SELECTIVITY OF MUSCARINIC ANTAGONISTS IN RADIOLIGAND AND INVIVO EXPERIMENTS FOR THE PUTATIVE M1-RECEPTOR, M2-RECEPTOR AND M3-RECEPTOR

Abstract

In the present study we investigated the nature of the muscarinic receptors present in the hippocampus, sympathetic ganglia, atria and salivary glands of the rat. The heterogeneity of the muscarinic receptors was examined both in vivo and in radioligand binding experiments. To study whether the receptors present in the investigated tissues are indeed distinct subtypes we determined the potencies of antagonists in both systems. It is proposed that there are three different binding sites present in hippocampal, atrial and submandibular membranes and we suggest to classify them as M1, M2 and M3, respectively.
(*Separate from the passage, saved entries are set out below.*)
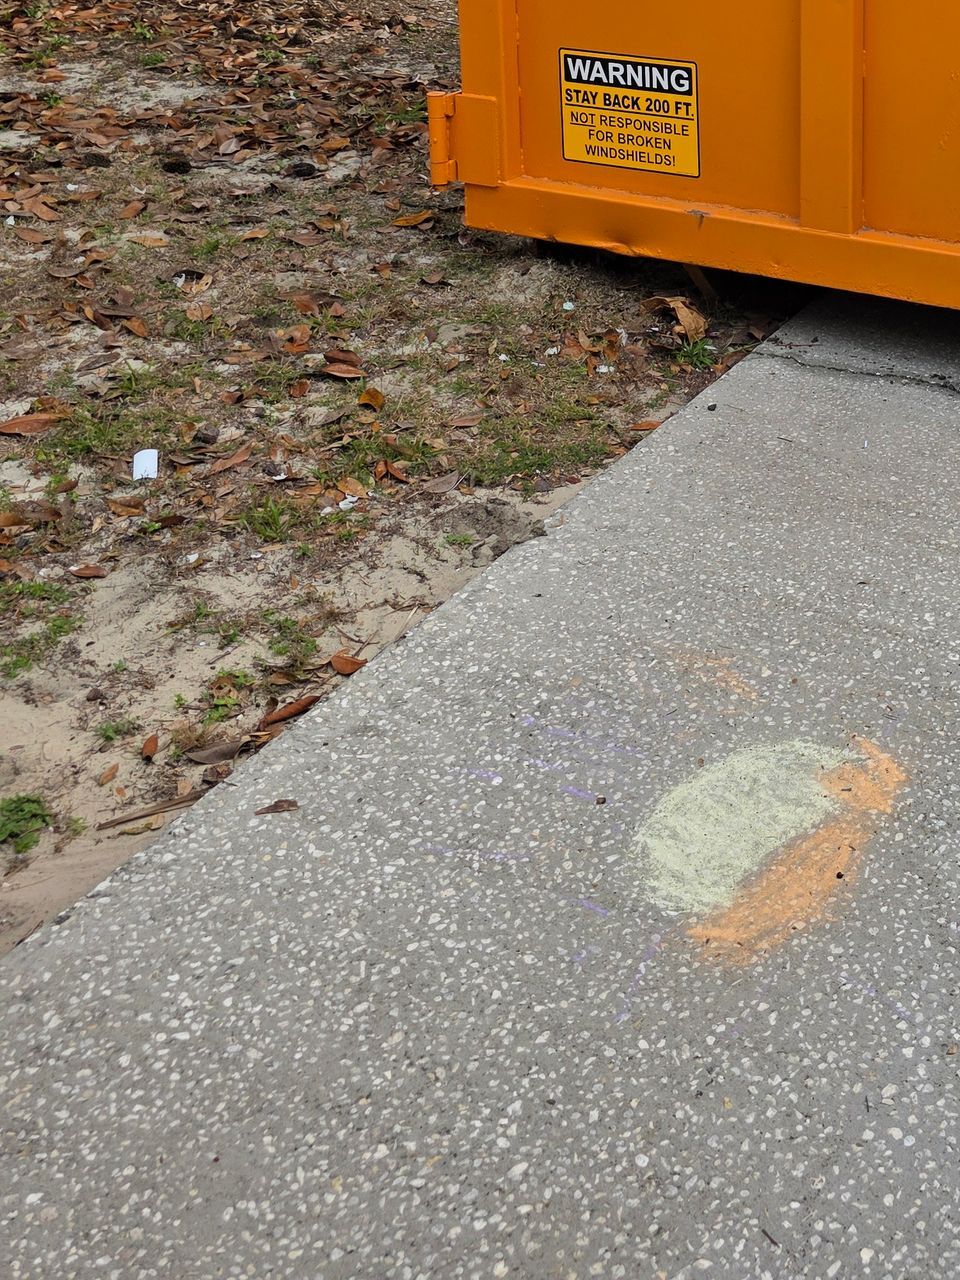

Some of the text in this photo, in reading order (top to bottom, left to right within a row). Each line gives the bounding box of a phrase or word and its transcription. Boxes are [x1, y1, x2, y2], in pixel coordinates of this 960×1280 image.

[567, 57, 690, 93] WARNING
[565, 88, 695, 117] STAY BACK 200 FT.
[570, 111, 689, 137] NOT RESPONSIBLE
[588, 129, 672, 151] FOR BROKEN
[585, 144, 676, 167] WINDSHIELDS!
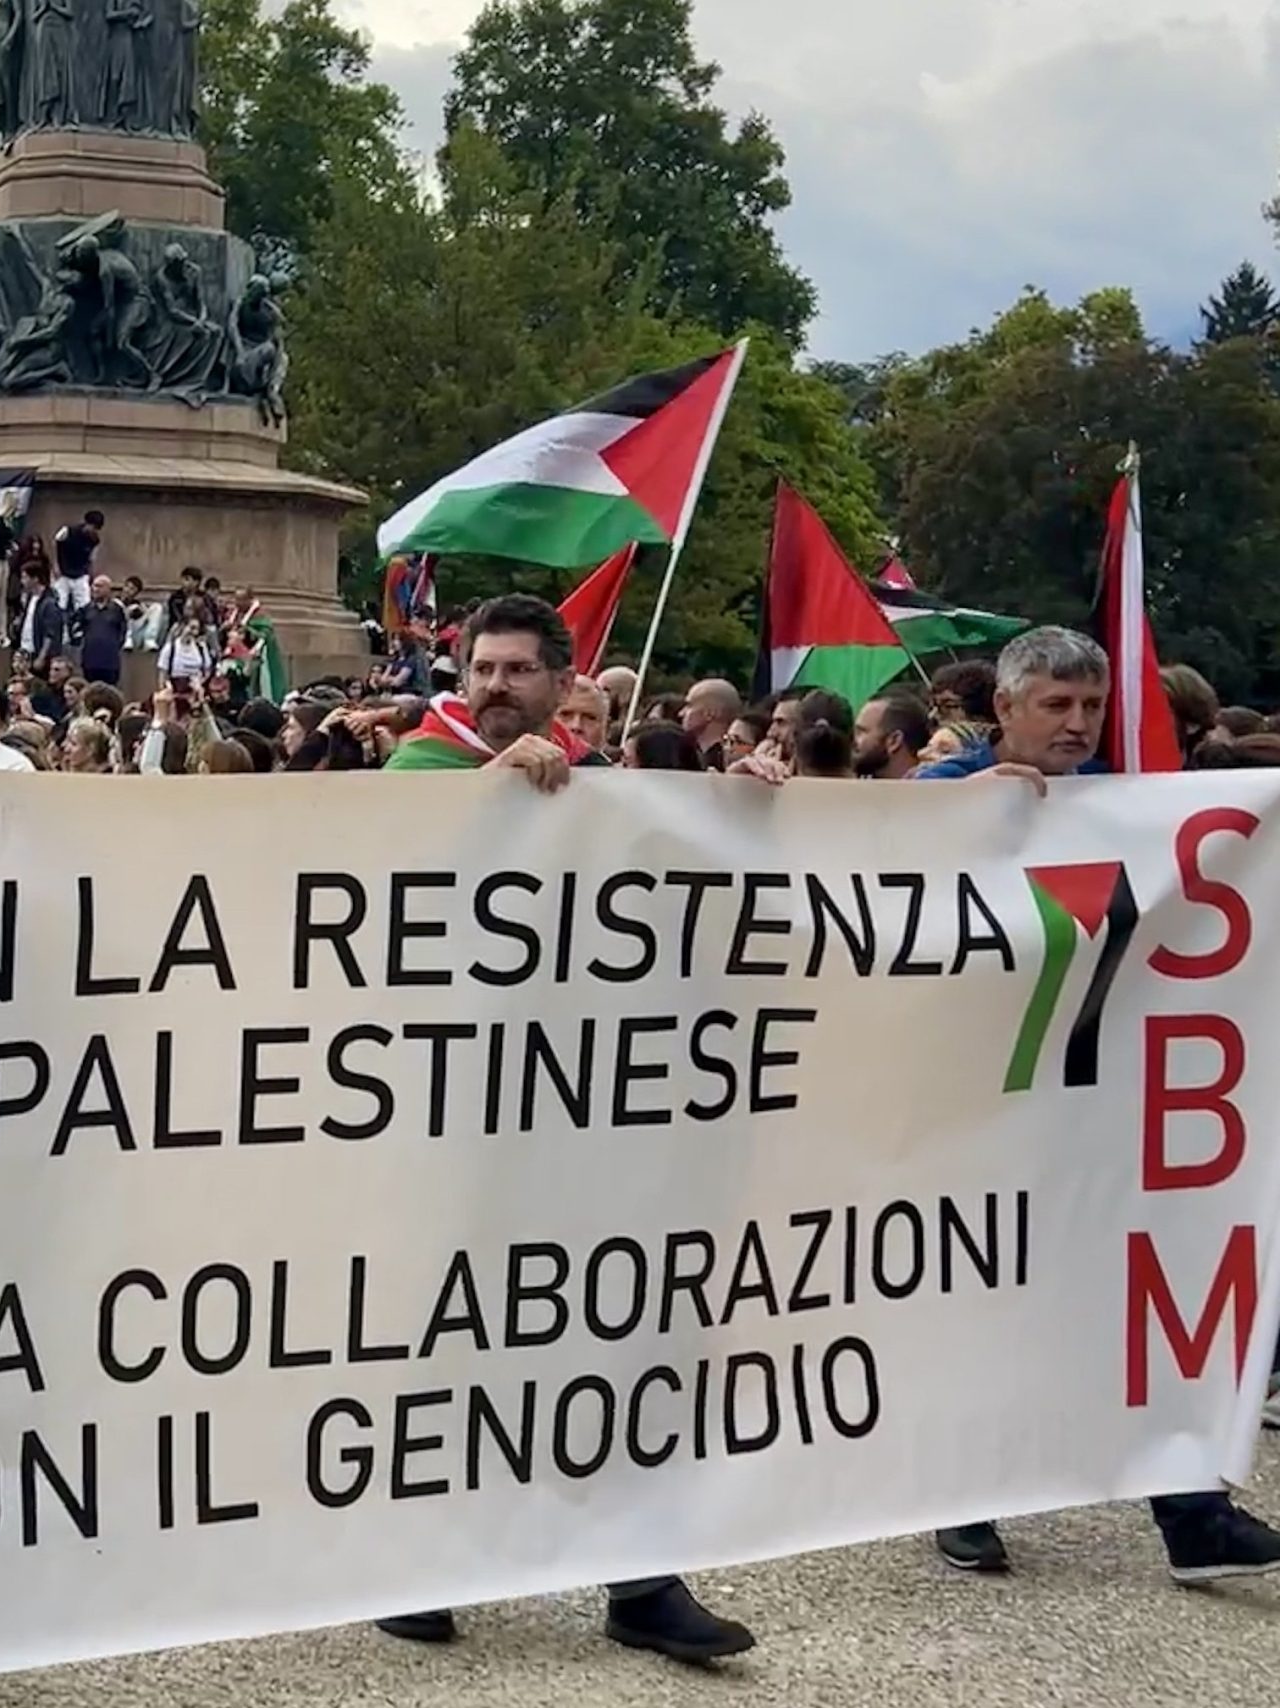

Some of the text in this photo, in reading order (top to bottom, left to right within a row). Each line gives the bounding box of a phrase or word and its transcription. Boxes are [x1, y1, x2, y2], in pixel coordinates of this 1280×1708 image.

[74, 874, 237, 997] LA
[293, 870, 1016, 989] RESISTENZA
[1126, 808, 1261, 1408] SBM
[98, 1190, 1029, 1383] COLLABORAZIONI
[158, 1411, 259, 1530] IL
[306, 1335, 880, 1509] GENOCIDIO
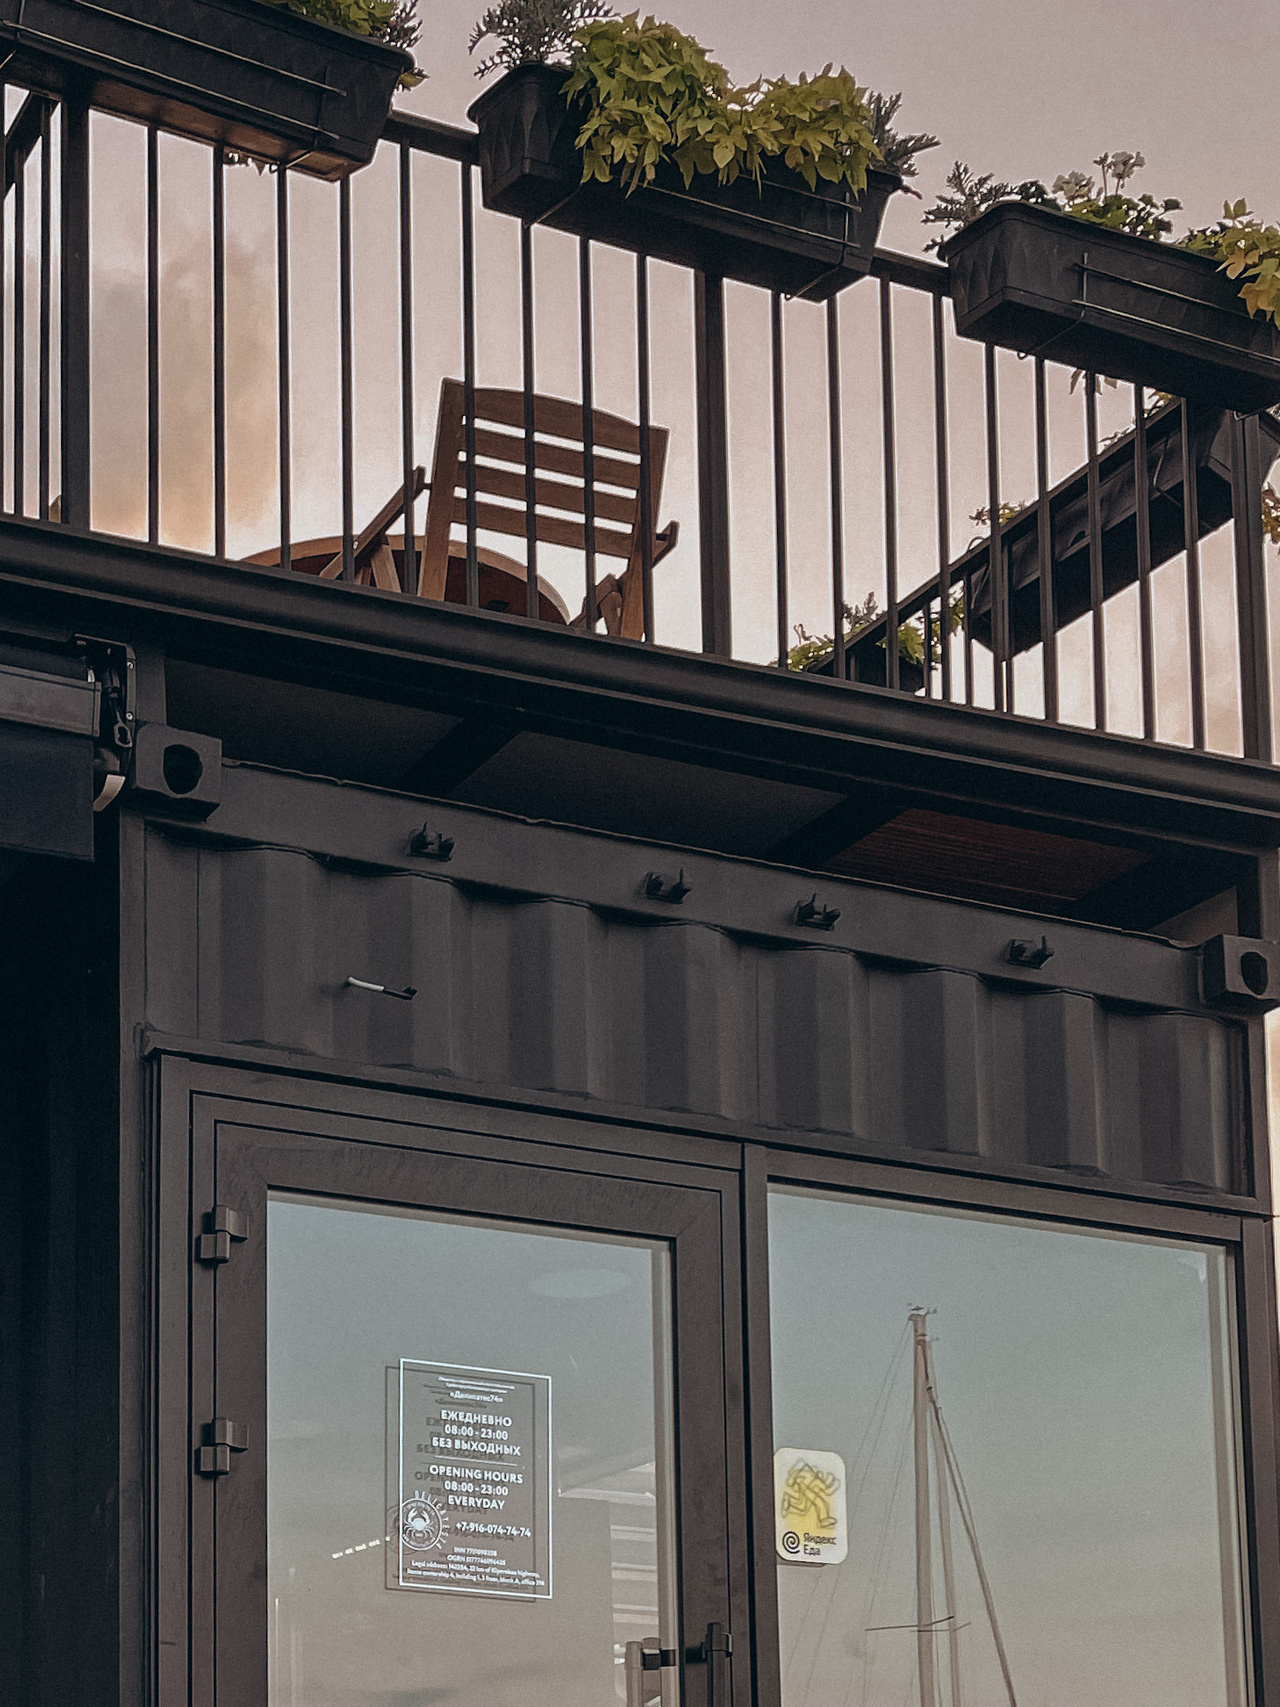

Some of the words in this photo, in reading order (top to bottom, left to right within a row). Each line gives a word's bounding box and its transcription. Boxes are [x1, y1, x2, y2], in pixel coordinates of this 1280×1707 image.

[441, 1409, 512, 1427] ЕЖЕДНЕВНО
[432, 1436, 452, 1448] БЕЗ
[454, 1439, 521, 1456] ВЫХОДНЫХ
[429, 1464, 482, 1479] OPENING
[484, 1470, 523, 1484] HOURS
[448, 1494, 505, 1510] EVERYDAY
[456, 1521, 532, 1538] +7-916-074-74-74
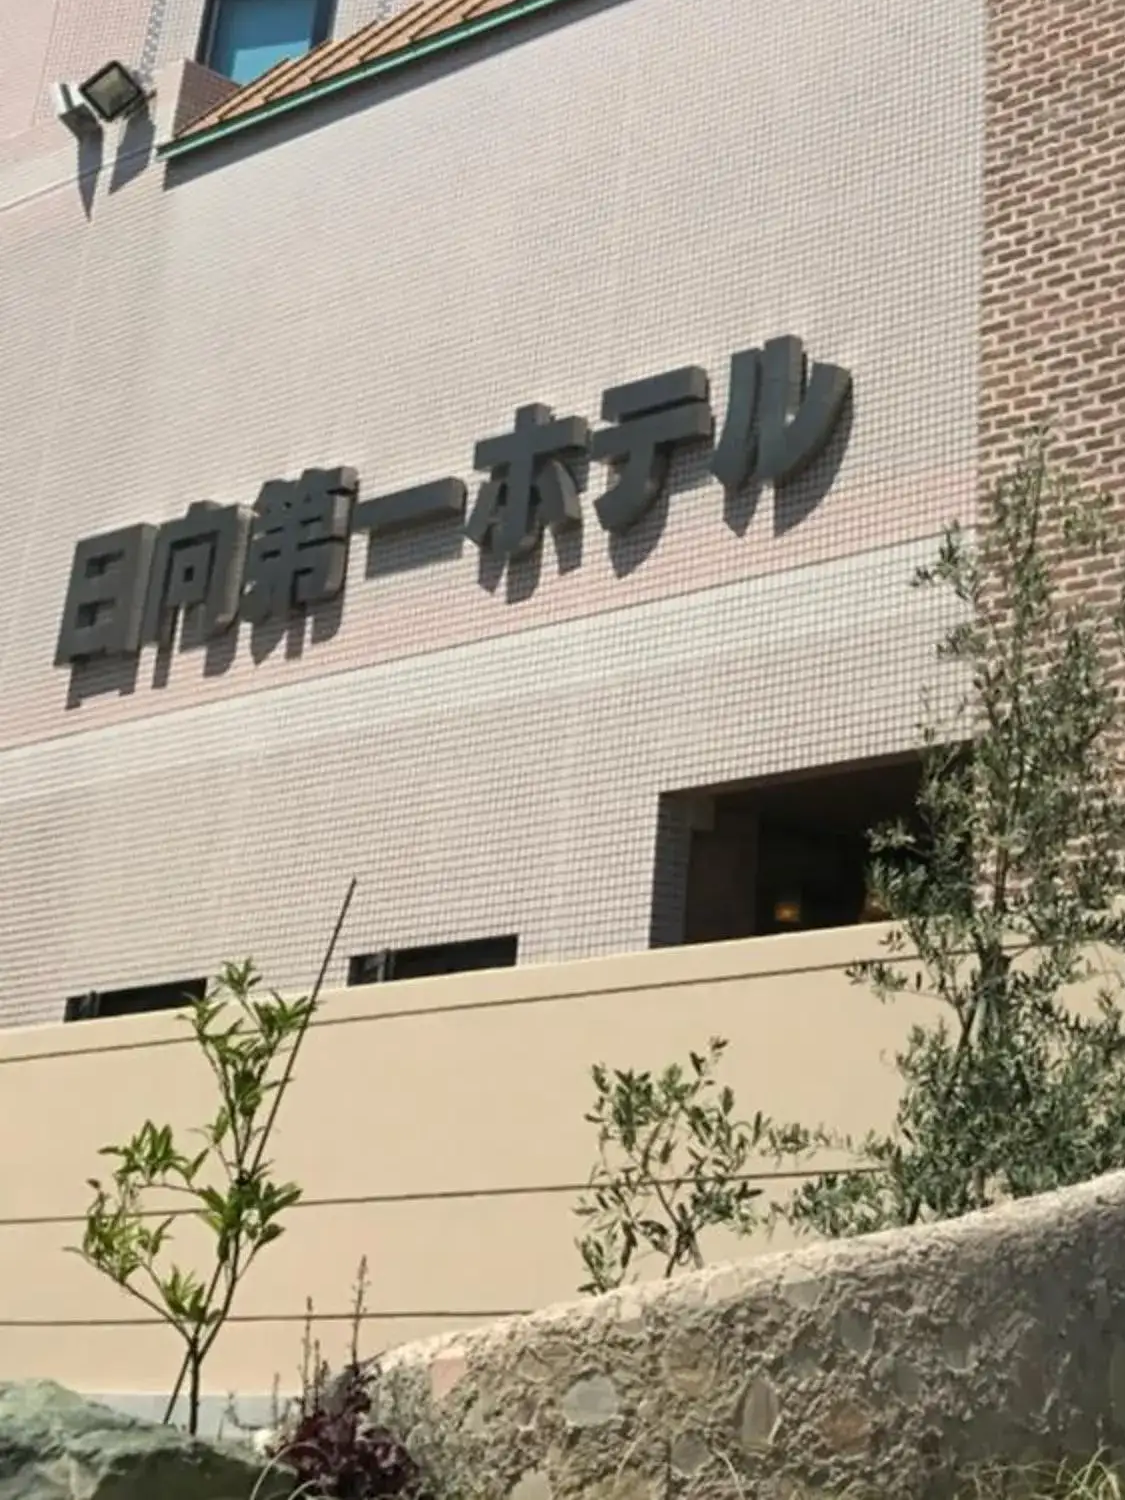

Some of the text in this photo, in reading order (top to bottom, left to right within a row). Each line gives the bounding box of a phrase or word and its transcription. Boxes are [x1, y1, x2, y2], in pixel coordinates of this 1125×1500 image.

[53, 333, 852, 668] 日向第一ホテル
Both in vivo and in vitro pirenzepine appears to possess high affinity for M1 receptors, whereas 4-diphenylacetoxy-N-methylpiperidine methobromide and dicyclomine show high affinity for both M1 and M3 receptors. AF-DX 116 (11-2[[2-[(diethylamino)methyl]-1-piperidinyl]acetyl]-5,11-dihydro-6H-pyridol[2,3-b][1,4]benzodiazepin-6-one) displayed high affinity for M2 receptors.